The following is a brief summary of certain principal changes between the Articles that will be replaced when the Articles adopted on August 13, 2007 become effective, with references where appropriate to the provisions of the Florida Business Corporation Act ("FBCL"). The summary does not purport to be complete as to all of the changes or with respect to given changes, as to all aspects of such changes. The summary is qualified in its entirety by reference to Exhibits 3(i)(1) hereto and Exhibits 3.1 and 3.2 to Form 8-K filed on November 2, 2006. The term “Old Articles” refers to the Articles of Incorporation in existence currently that will be replaced when the Articles of Incorporation adopted on August 13, 2007 (“New Articles”) become effective.


 
Old Articles
New Articles
     
Preferred Stock
Five million shares divided into two classes. The authorized shares are three million shares of Series I convertible preferred stock, which are exchangeable for three shares of common stock, and two million shares without designation, with designations to be determined by the Board of Directors.
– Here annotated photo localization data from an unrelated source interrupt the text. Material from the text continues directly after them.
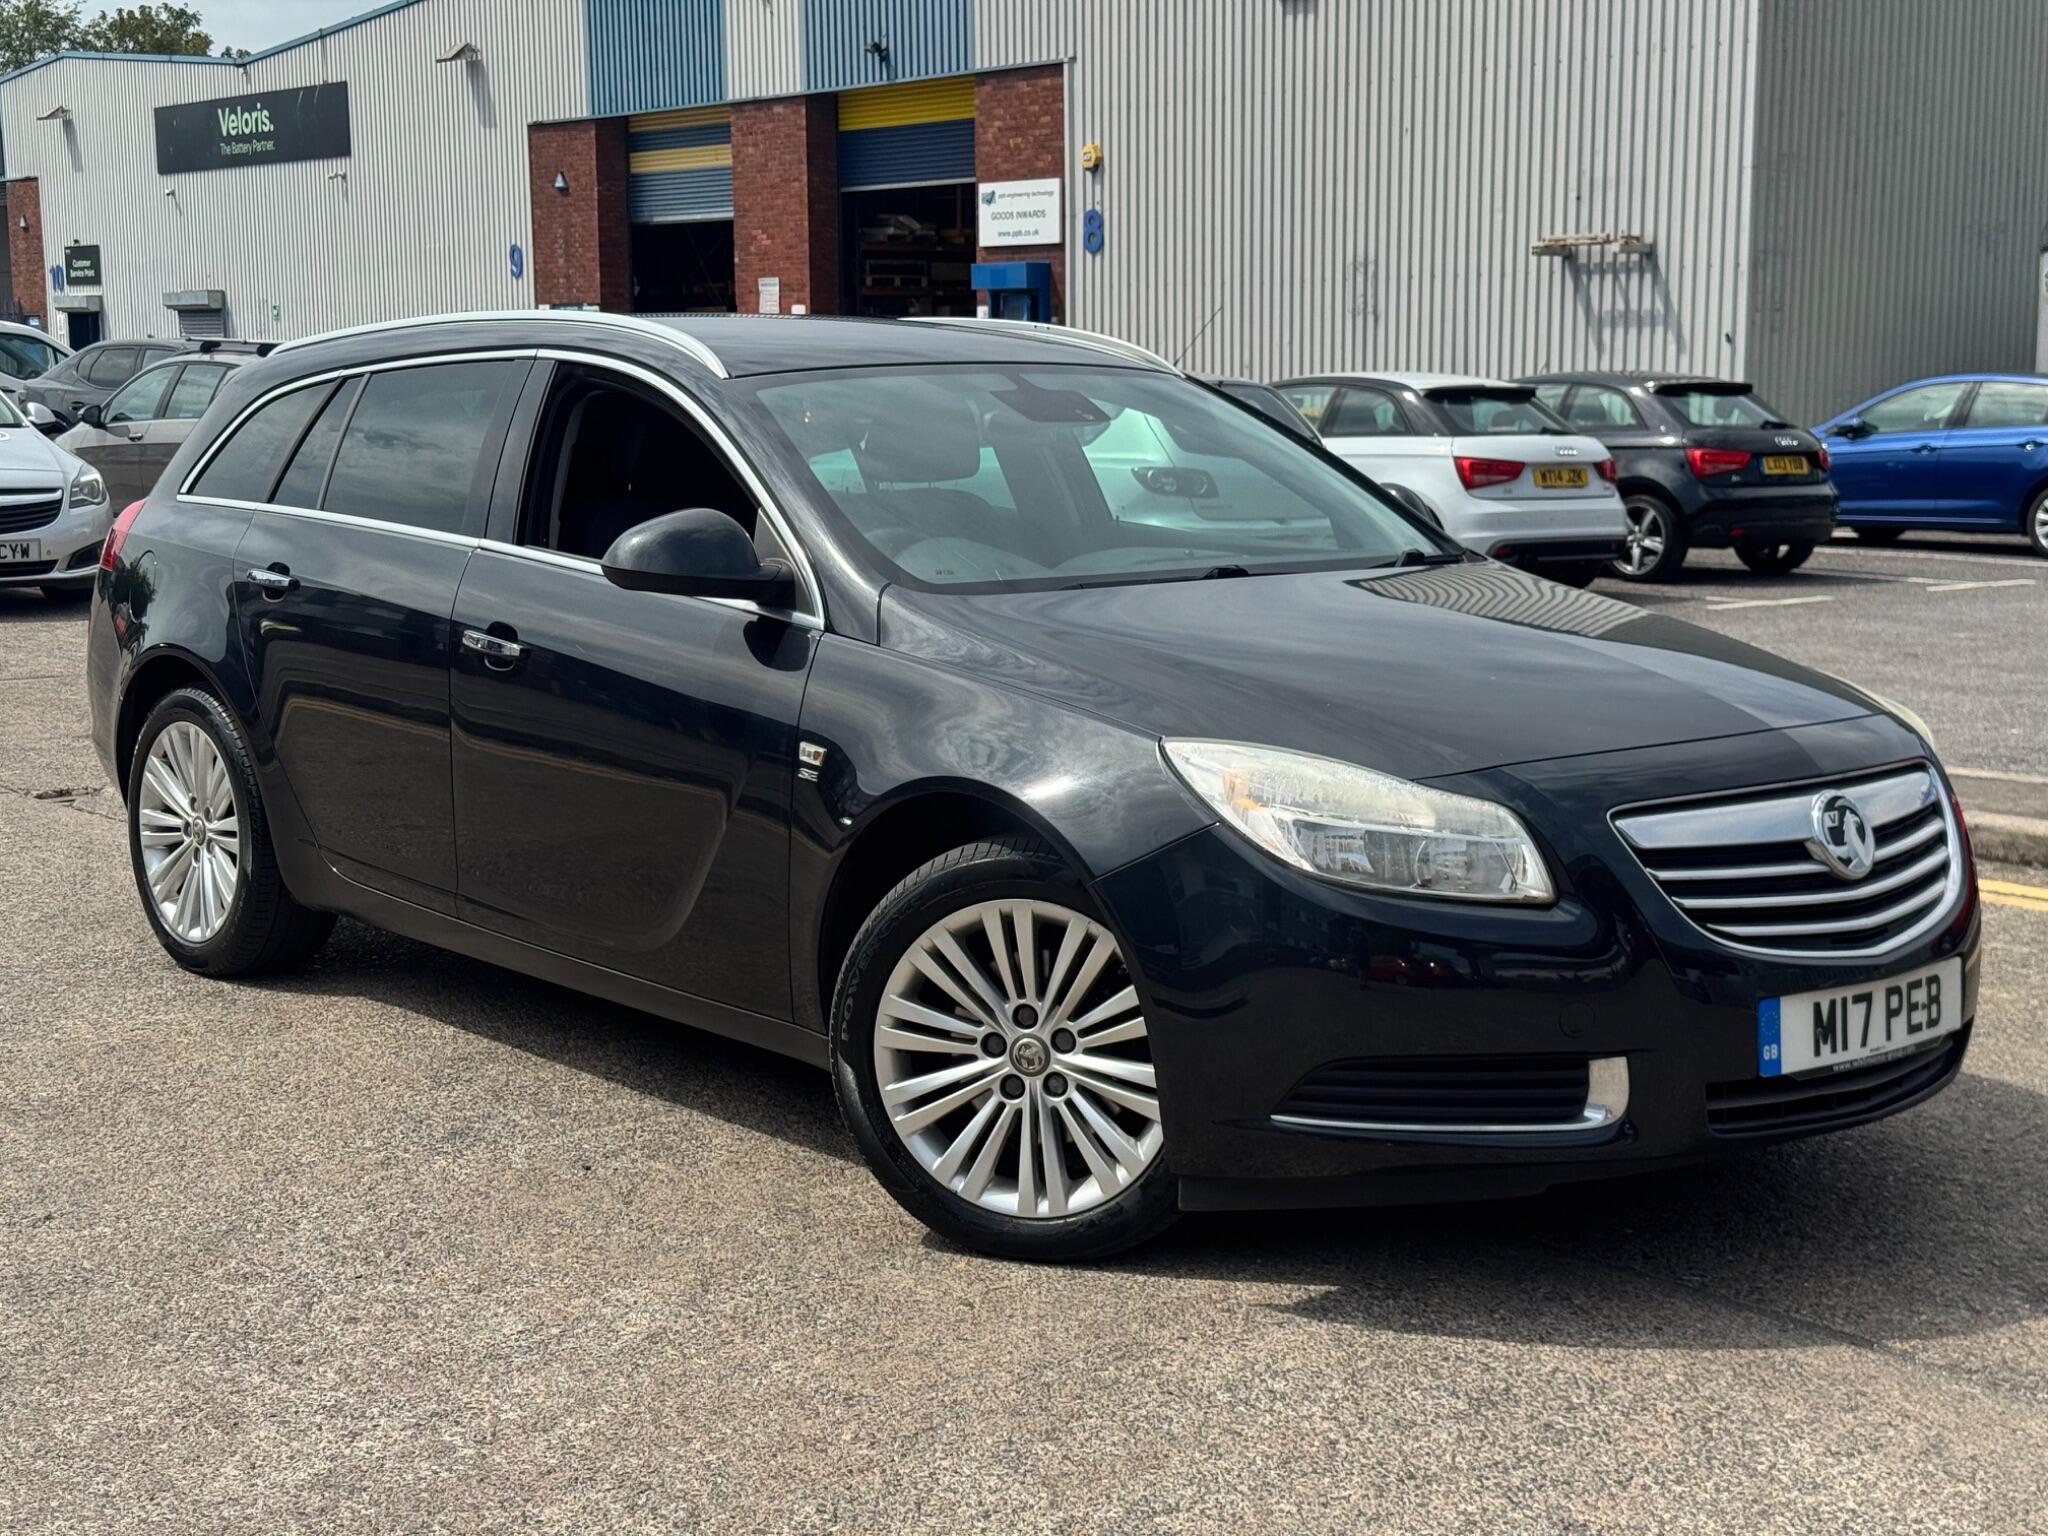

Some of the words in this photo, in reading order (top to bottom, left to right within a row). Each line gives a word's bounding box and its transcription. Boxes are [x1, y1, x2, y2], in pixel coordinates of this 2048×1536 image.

[217, 102, 274, 136] Veloris.
[220, 143, 231, 155] The
[231, 141, 252, 155] Battery
[991, 210, 1014, 221] GOODS
[1016, 208, 1046, 219] INWARDS
[1084, 209, 1104, 254] 8
[510, 244, 523, 280] 9
[49, 264, 64, 292] 10
[0, 543, 30, 559] CYW
[1885, 974, 1941, 1042] PEB
[1763, 1044, 1778, 1060] GB
A certificate of designations was adopted for shares used in connection with reverse merger.
Five million shares authorized without designation, with designations to be determined by the Board of Directors.
Vacancies on the Board of Directors
No provision in Old Articles; FBCL provides vacancy may be filled by the affirmative vote of a majority of the remaining directors, though less than a quorum of the Board of Directors, or by the shareholders, unless the Articles of Incorporation provide otherwise.
Vacancies shall be filled only by a majority vote of the directors then in office, and directors so chosen shall hold office for a term expiring at the next annual meeting of shareholders.
Removal of directors
Majority of the Board of Directors may remove a director for cause and may elect a replacement to serve until the next meeting of shareholders; FBCL provides that shareholders may remove one or more directors with or without cause unless the Articles of Incorporation provide that directors may be removed only for cause.
A director may also be removed by shareholders, but only for cause and only by the affirmative vote of the holders of at least 75% of the voting power of the then outstanding shares of Voting Stock, voting together as a single class.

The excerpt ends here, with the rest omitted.